┌────────
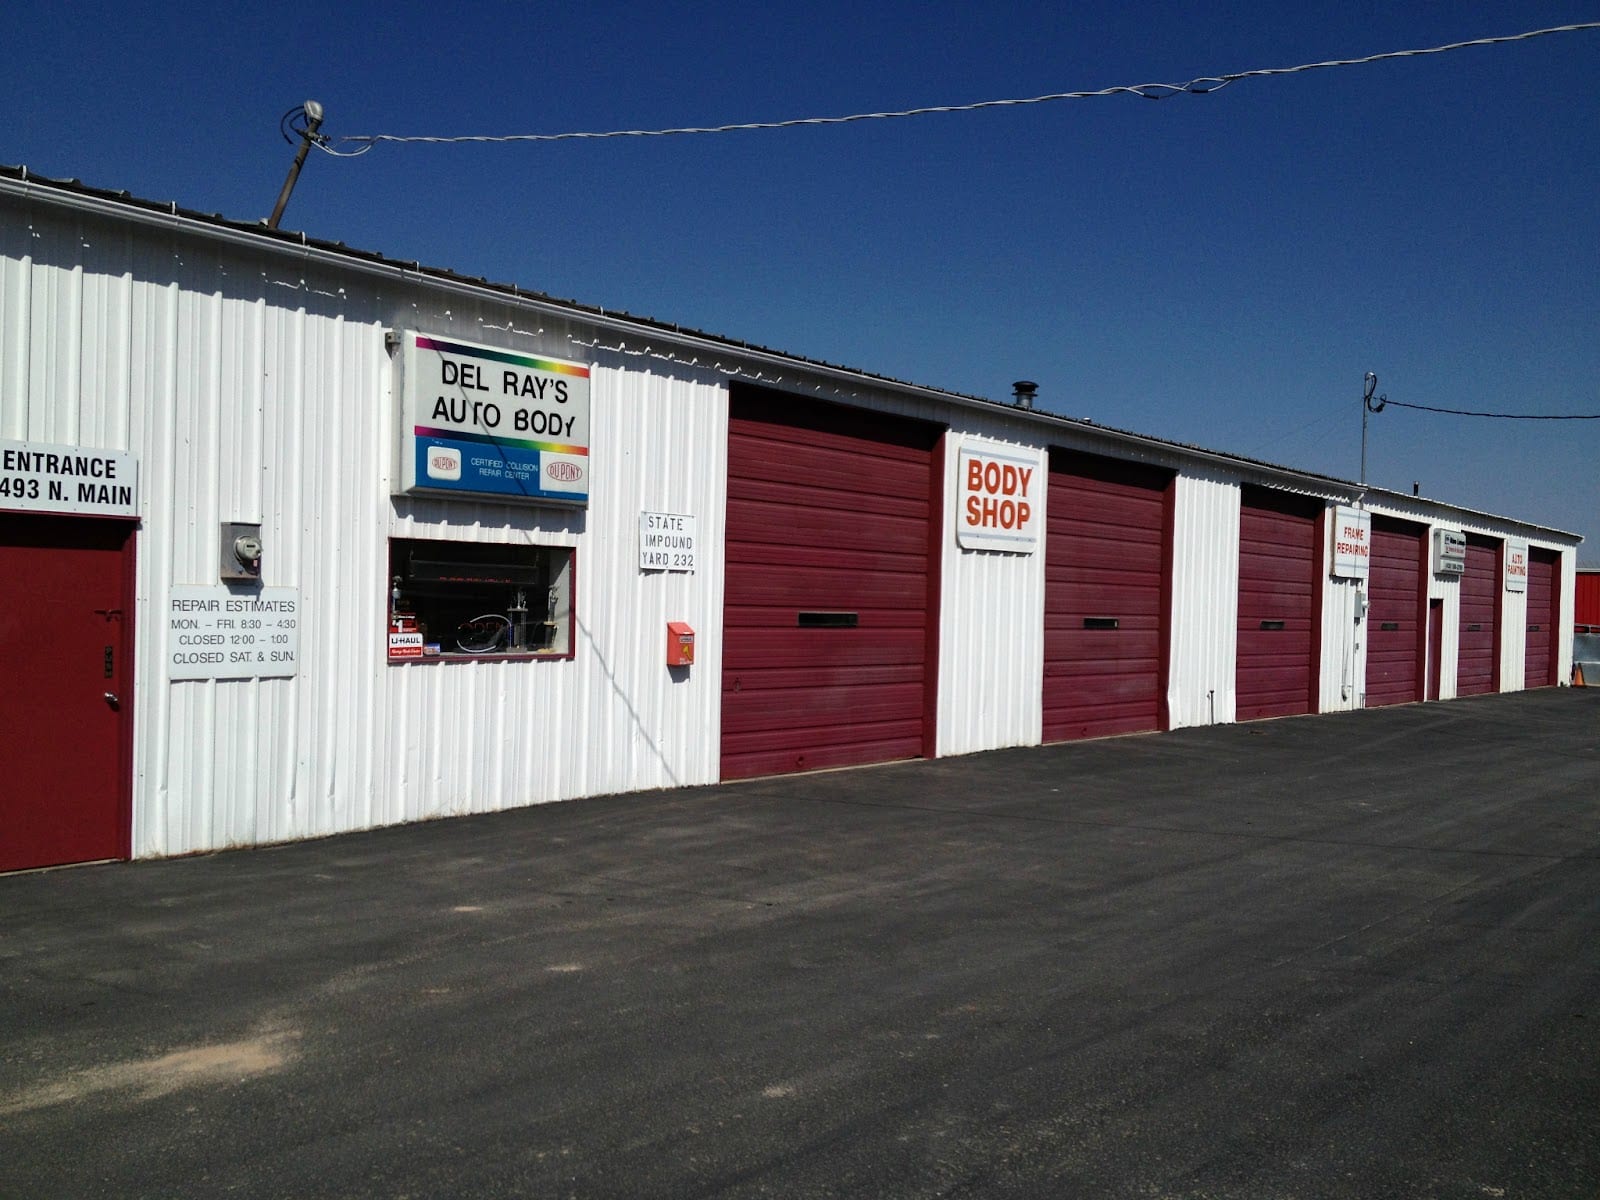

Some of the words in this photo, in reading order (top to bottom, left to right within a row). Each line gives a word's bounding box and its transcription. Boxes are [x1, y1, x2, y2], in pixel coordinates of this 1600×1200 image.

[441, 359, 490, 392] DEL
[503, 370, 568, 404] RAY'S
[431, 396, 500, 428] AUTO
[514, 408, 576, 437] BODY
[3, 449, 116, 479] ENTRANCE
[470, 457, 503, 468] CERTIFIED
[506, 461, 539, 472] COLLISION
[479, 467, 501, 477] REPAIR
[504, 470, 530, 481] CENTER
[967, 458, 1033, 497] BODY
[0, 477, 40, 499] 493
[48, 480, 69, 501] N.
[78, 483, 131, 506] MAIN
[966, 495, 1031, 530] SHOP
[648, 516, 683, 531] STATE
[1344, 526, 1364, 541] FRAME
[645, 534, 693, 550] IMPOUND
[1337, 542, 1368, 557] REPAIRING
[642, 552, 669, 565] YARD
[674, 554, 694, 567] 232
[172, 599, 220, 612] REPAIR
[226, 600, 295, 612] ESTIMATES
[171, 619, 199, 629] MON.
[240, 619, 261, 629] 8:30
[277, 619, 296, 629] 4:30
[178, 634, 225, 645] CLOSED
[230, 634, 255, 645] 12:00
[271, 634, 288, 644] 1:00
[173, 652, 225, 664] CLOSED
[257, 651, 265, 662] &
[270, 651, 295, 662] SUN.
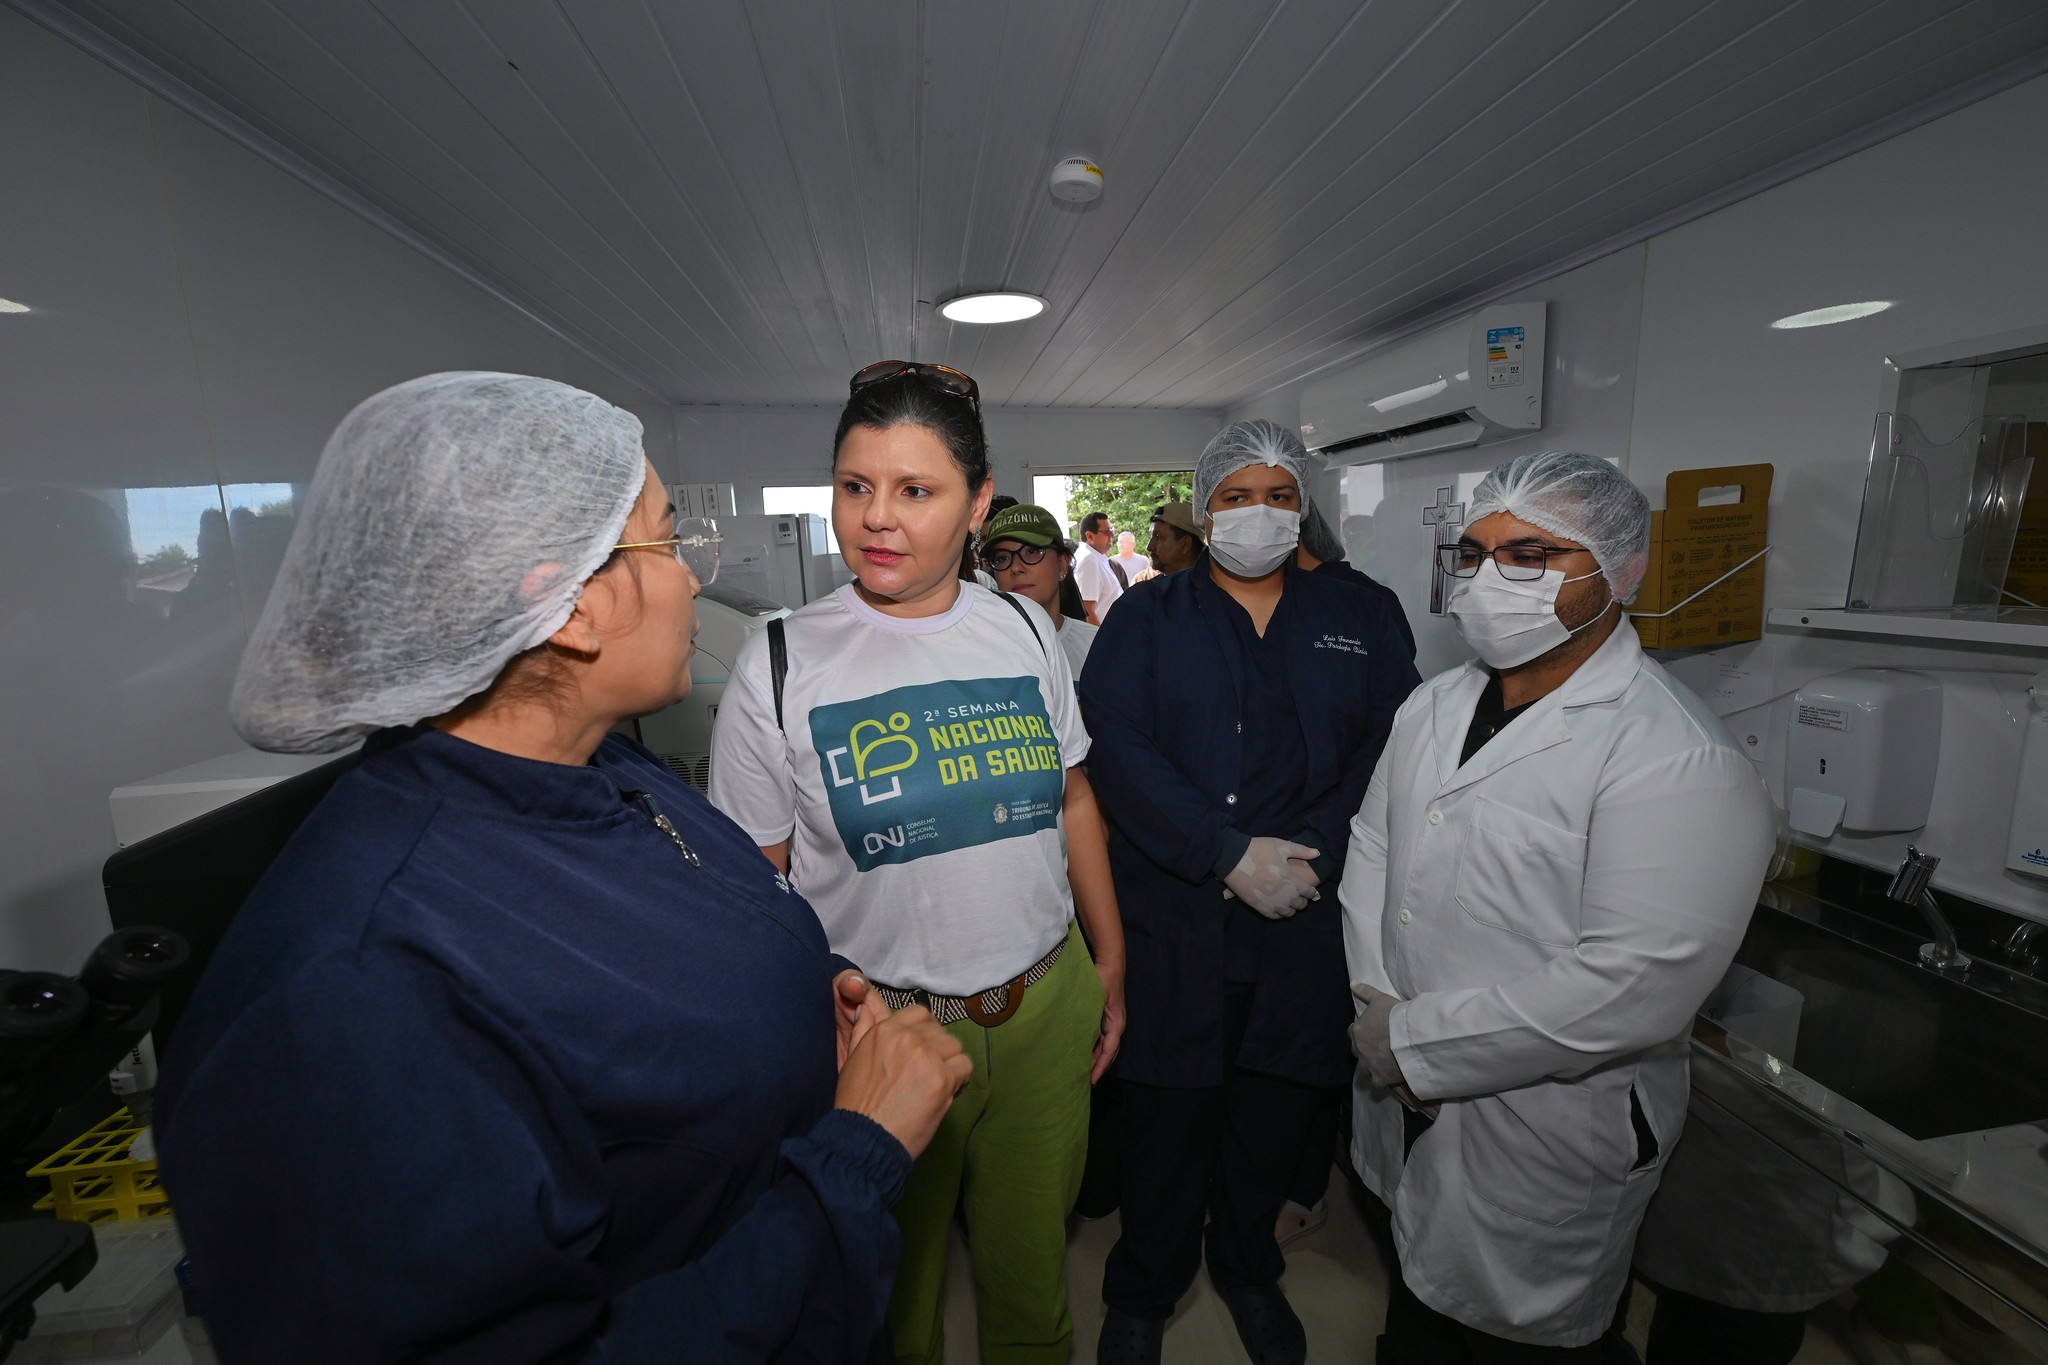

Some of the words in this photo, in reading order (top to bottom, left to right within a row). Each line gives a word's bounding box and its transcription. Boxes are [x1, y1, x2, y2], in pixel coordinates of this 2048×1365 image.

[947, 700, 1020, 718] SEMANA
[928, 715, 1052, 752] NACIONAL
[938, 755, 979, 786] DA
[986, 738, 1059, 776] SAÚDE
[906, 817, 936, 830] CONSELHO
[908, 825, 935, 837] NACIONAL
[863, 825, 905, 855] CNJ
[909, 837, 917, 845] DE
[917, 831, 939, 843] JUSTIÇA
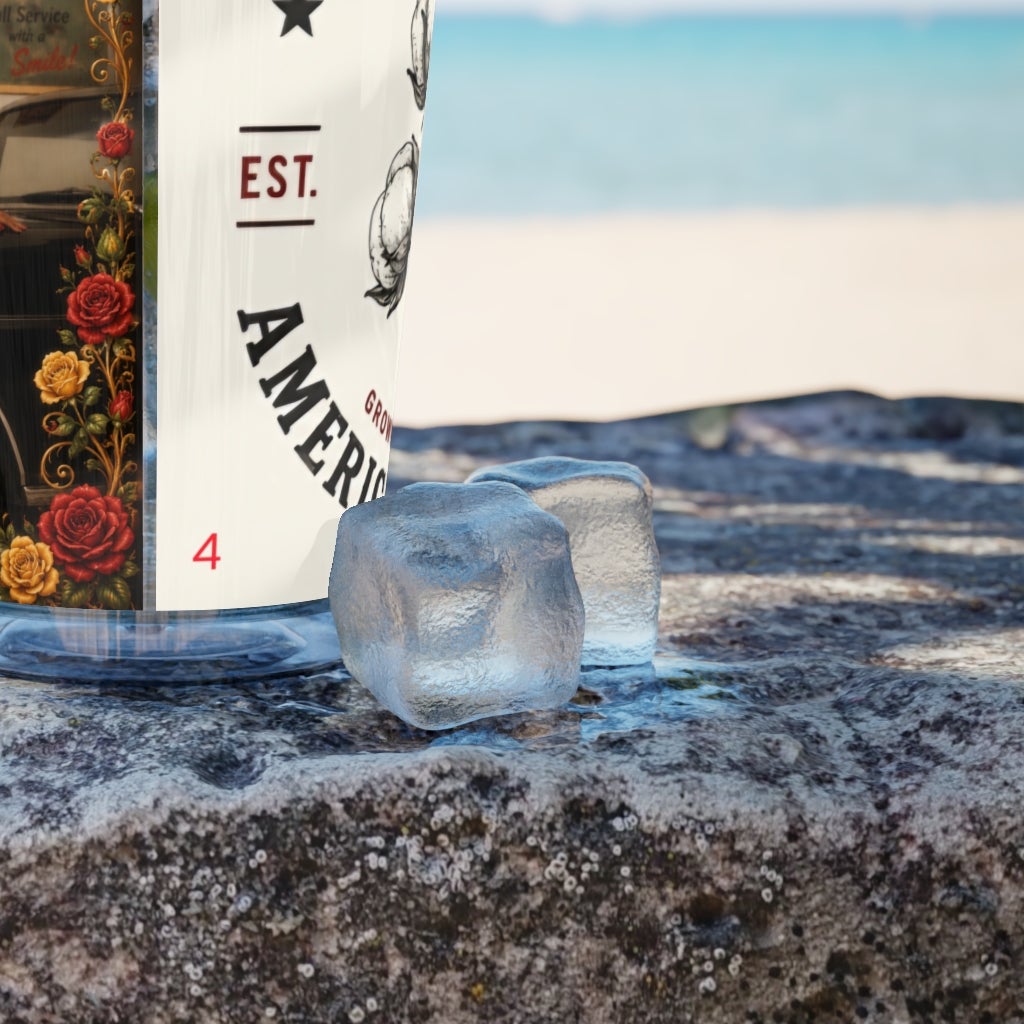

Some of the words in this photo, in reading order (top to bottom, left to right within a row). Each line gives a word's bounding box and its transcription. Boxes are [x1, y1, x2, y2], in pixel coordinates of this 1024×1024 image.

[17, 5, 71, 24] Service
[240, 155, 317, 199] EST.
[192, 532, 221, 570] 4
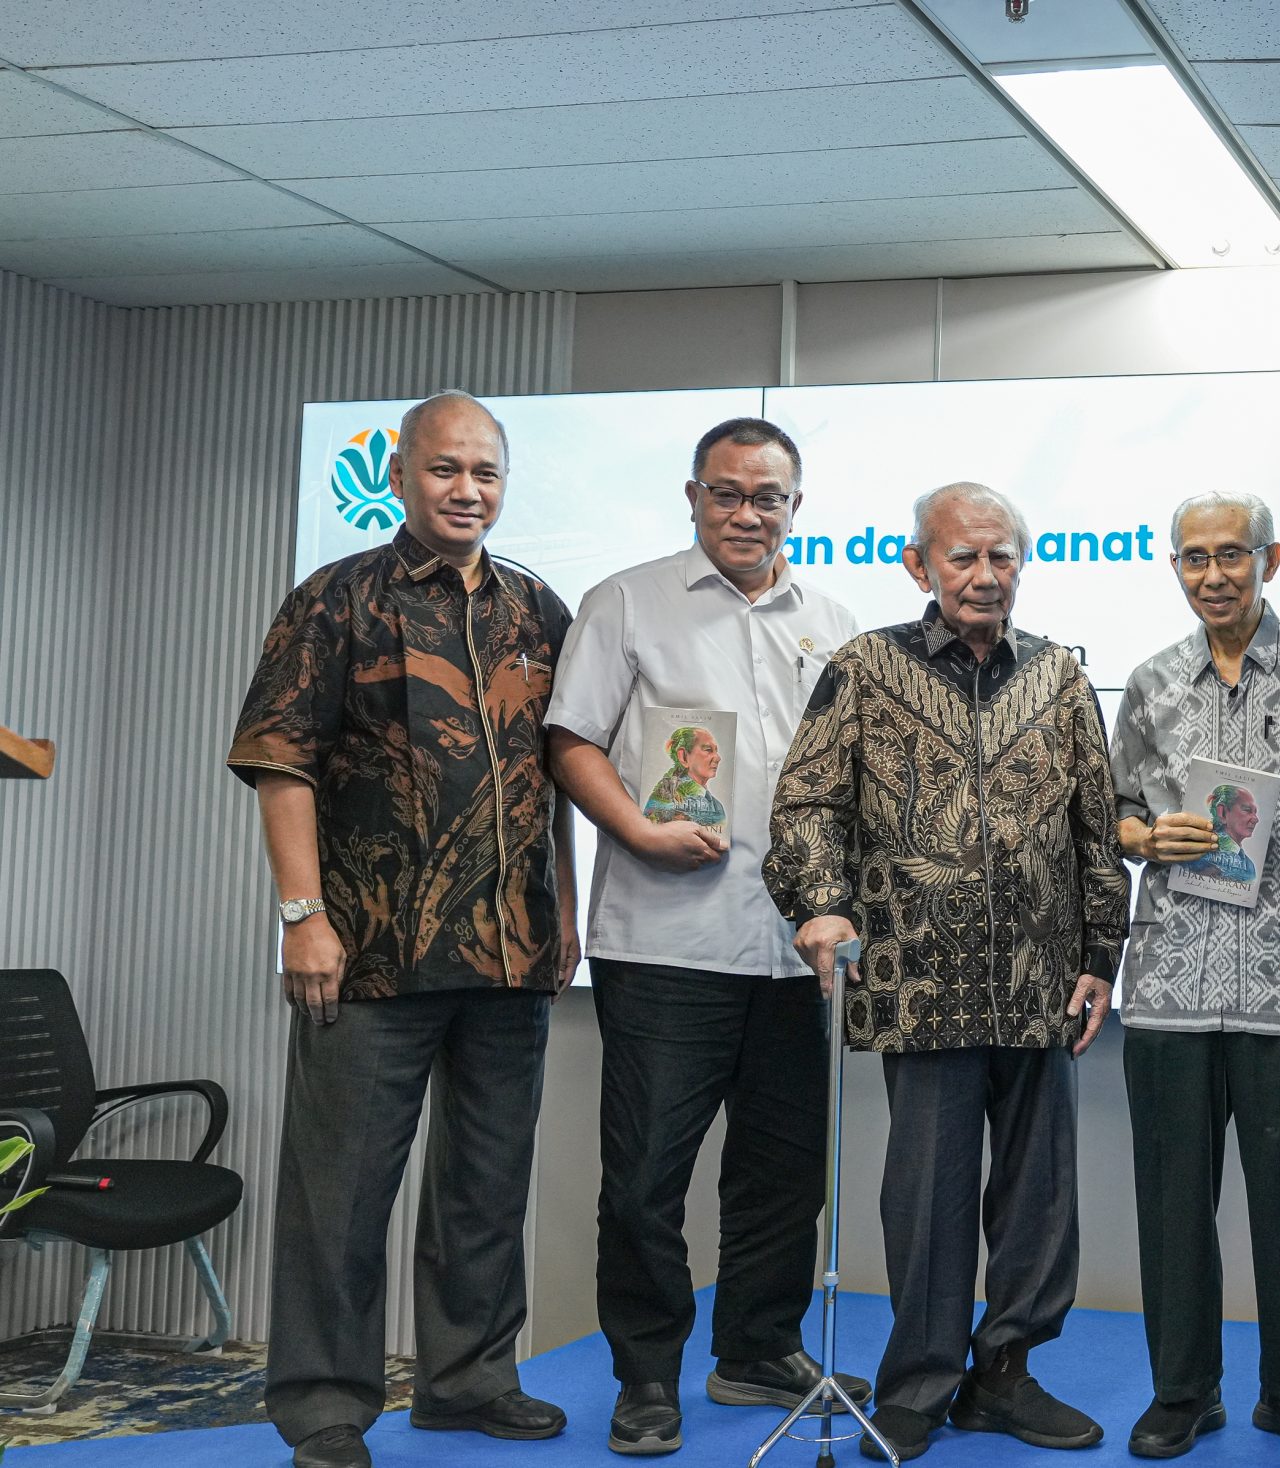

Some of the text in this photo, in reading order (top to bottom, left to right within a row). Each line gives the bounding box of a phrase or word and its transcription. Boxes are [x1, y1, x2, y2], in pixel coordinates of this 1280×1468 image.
└────────
**Instructions to follow:** Reproduce the entries above exactly, though not their pictures.

**Finished task:**
Some of the words in this photo, in reading order (top to bottom, left to right within a row). Each line gives a word's bounding box and its transcription. Boxes are [x1, y1, x2, y2], in pixel coordinates of this 1600×1200 image.

[441, 359, 490, 392] DEL
[503, 370, 568, 404] RAY'S
[431, 396, 500, 428] AUTO
[514, 408, 576, 437] BODY
[3, 449, 116, 479] ENTRANCE
[470, 457, 503, 468] CERTIFIED
[506, 461, 539, 472] COLLISION
[479, 467, 501, 477] REPAIR
[504, 470, 530, 481] CENTER
[967, 458, 1033, 497] BODY
[0, 477, 40, 499] 493
[48, 480, 69, 501] N.
[78, 483, 131, 506] MAIN
[966, 495, 1031, 530] SHOP
[648, 516, 683, 531] STATE
[1344, 526, 1364, 541] FRAME
[645, 534, 693, 550] IMPOUND
[1337, 542, 1368, 557] REPAIRING
[642, 552, 669, 565] YARD
[674, 554, 694, 567] 232
[172, 599, 220, 612] REPAIR
[226, 600, 295, 612] ESTIMATES
[171, 619, 199, 629] MON.
[240, 619, 261, 629] 8:30
[277, 619, 296, 629] 4:30
[178, 634, 225, 645] CLOSED
[230, 634, 255, 645] 12:00
[271, 634, 288, 644] 1:00
[173, 652, 225, 664] CLOSED
[257, 651, 265, 662] &
[270, 651, 295, 662] SUN.

Some of the words in this photo, in reading order (top to bottom, left to right within a row). Each line gives a word's bounding box and its transcription. Boxes are [x1, y1, x2, y2], in pixel coordinates of this 2048×1365 image.

[947, 700, 1020, 718] SEMANA
[928, 715, 1052, 752] NACIONAL
[938, 755, 979, 786] DA
[986, 738, 1059, 776] SAÚDE
[906, 817, 936, 830] CONSELHO
[908, 825, 935, 837] NACIONAL
[863, 825, 905, 855] CNJ
[909, 837, 917, 845] DE
[917, 831, 939, 843] JUSTIÇA

Some of the words in this photo, in reading order (top to bottom, left to right within a row). Each line gives a word's bounding box and its transcription. Boxes are [x1, y1, x2, y2], in pixel coordinates of this 1024×1024 image.

[17, 5, 71, 24] Service
[240, 155, 317, 199] EST.
[192, 532, 221, 570] 4

Some of the text in this photo, in reading order (top to bottom, left to right within a row). Each line gives the bounding box of a phrase or word and its transcription. Boxes are [x1, y1, x2, y2], in pixel coordinates of this 1280×1468 image.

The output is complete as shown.